== THE DATA ==

▼

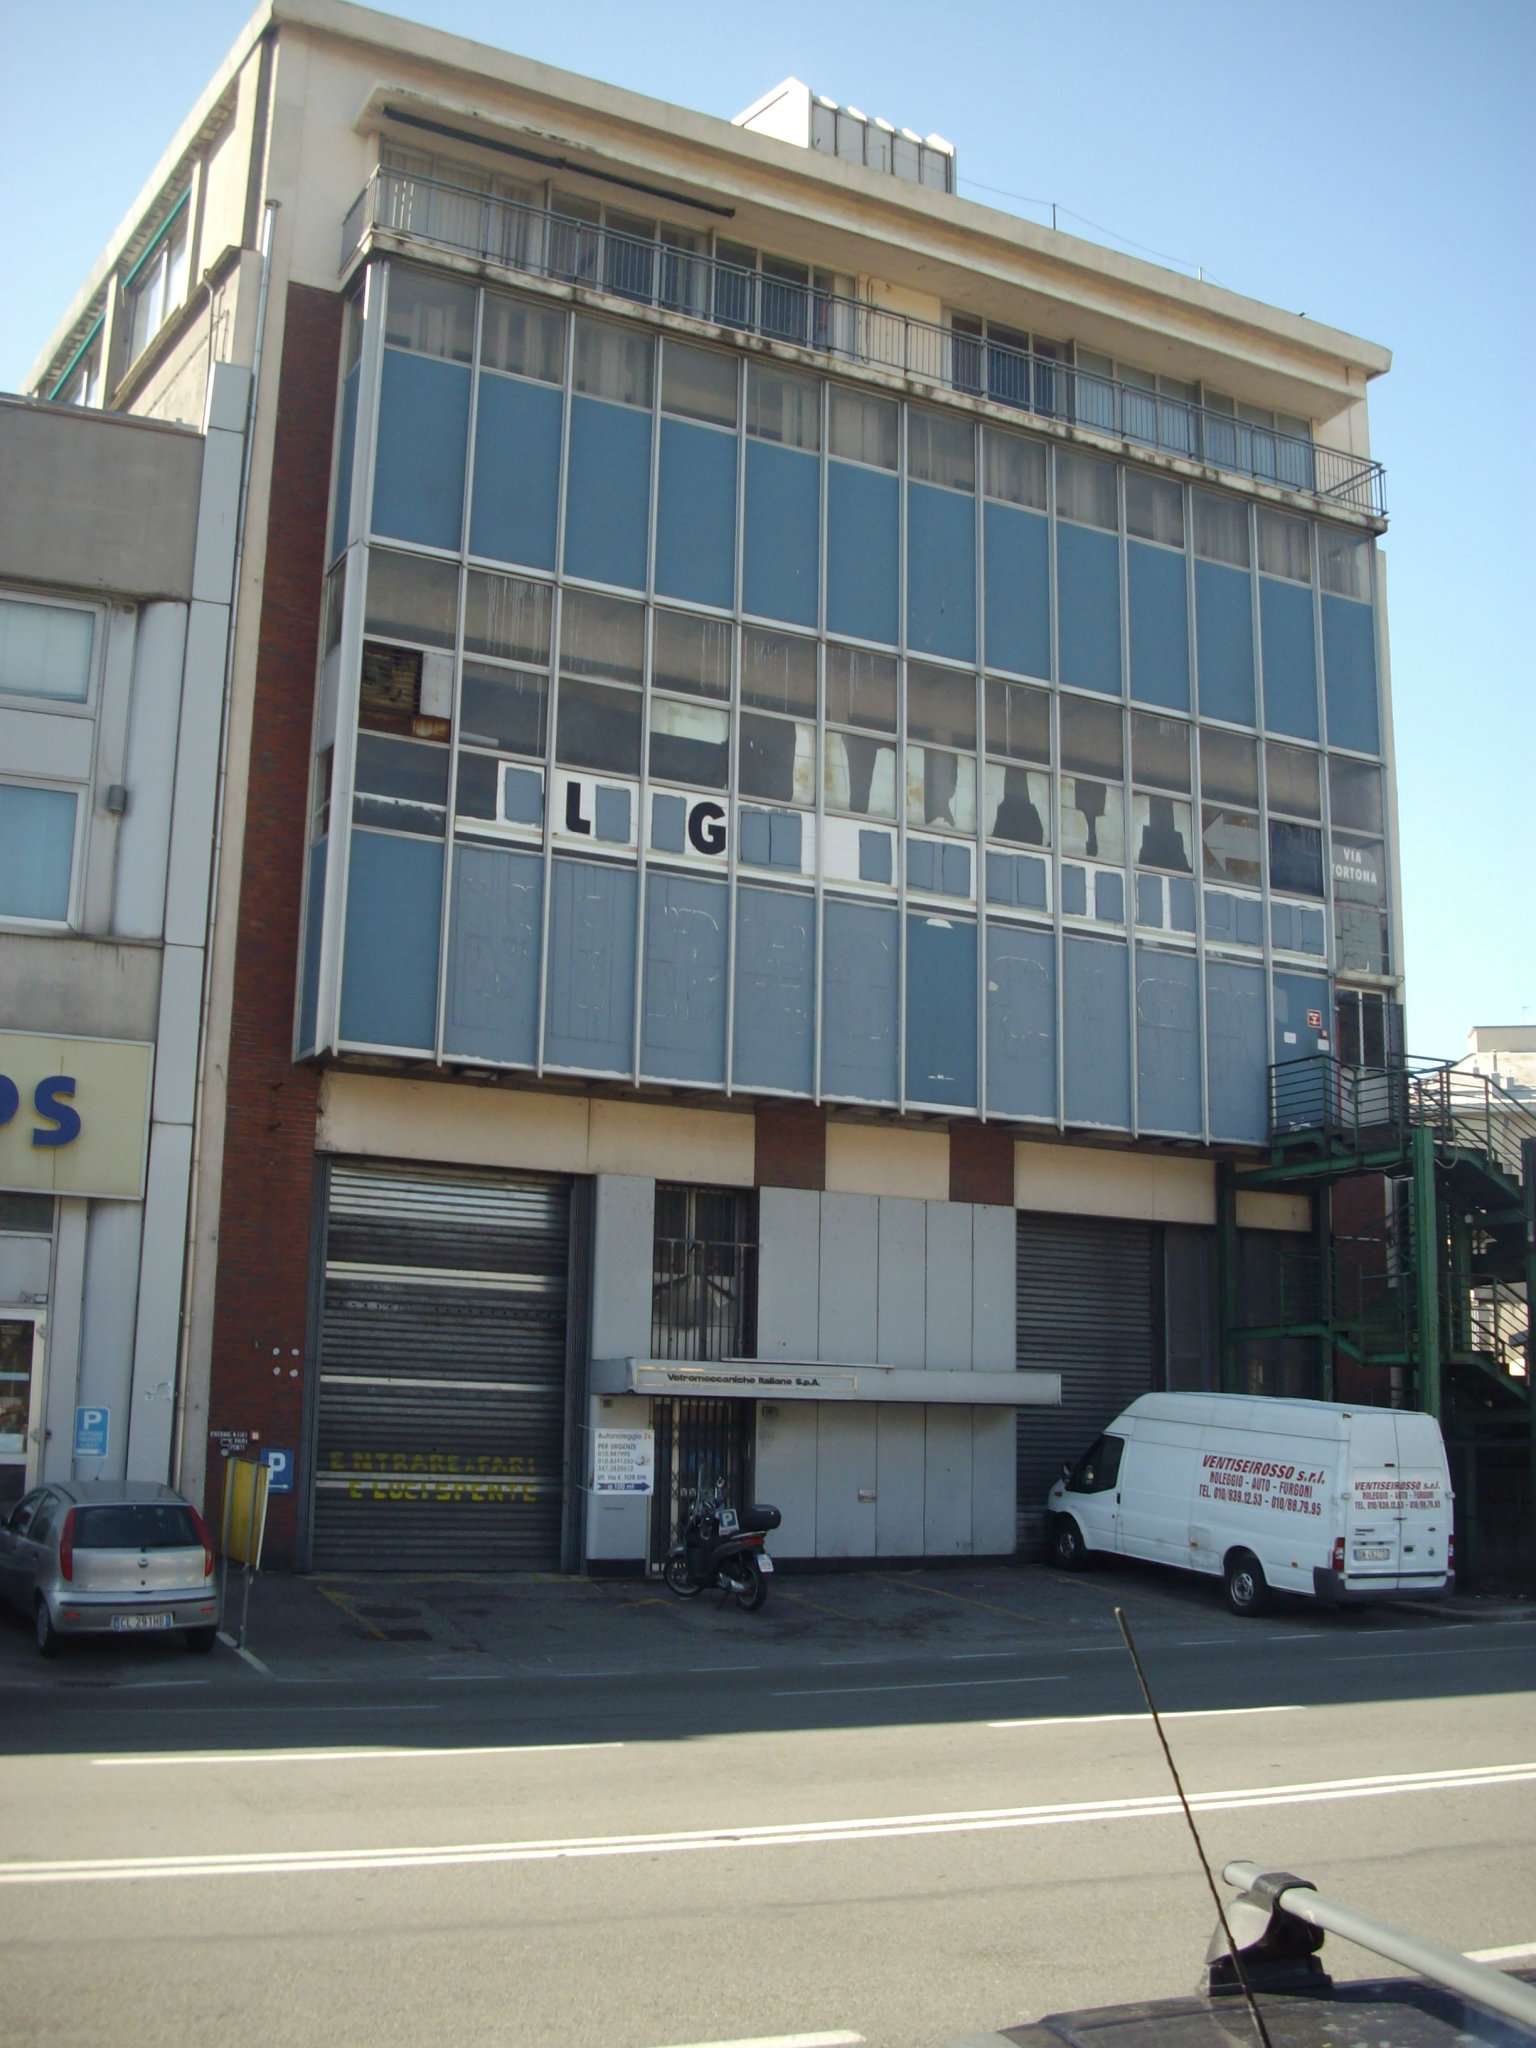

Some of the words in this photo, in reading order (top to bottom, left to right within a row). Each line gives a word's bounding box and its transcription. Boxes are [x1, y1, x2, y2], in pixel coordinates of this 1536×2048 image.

[688, 801, 727, 855] G
[1343, 848, 1362, 864] VIA
[667, 1373, 756, 1386] Vetromeccaniche
[758, 1376, 793, 1387] Italiane
[84, 1411, 102, 1430] P
[268, 1452, 286, 1481] P
[328, 1451, 460, 1472] ENTRARE
[476, 1455, 537, 1474] FARI
[1202, 1454, 1295, 1479] VENTISEIROSSO
[1209, 1471, 1243, 1488] NOLEGGIO
[1251, 1477, 1271, 1492] AUTO
[1279, 1481, 1313, 1498] FURGONI

▲

== EXERCISE OBJECTIVE ==
Set down the records again exactly as they appear, leaving each picture behind.

== FINISHED TASK ==
Some of the words in this photo, in reading order (top to bottom, left to right within a row). Each line gives a word's bounding box and its transcription. Boxes are [x1, y1, x2, y2], in pixel coordinates of this 1536×2048 image.

[688, 801, 727, 855] G
[1343, 848, 1362, 864] VIA
[667, 1373, 756, 1386] Vetromeccaniche
[758, 1376, 793, 1387] Italiane
[84, 1411, 102, 1430] P
[268, 1452, 286, 1481] P
[328, 1451, 460, 1472] ENTRARE
[476, 1455, 537, 1474] FARI
[1202, 1454, 1295, 1479] VENTISEIROSSO
[1209, 1471, 1243, 1488] NOLEGGIO
[1251, 1477, 1271, 1492] AUTO
[1279, 1481, 1313, 1498] FURGONI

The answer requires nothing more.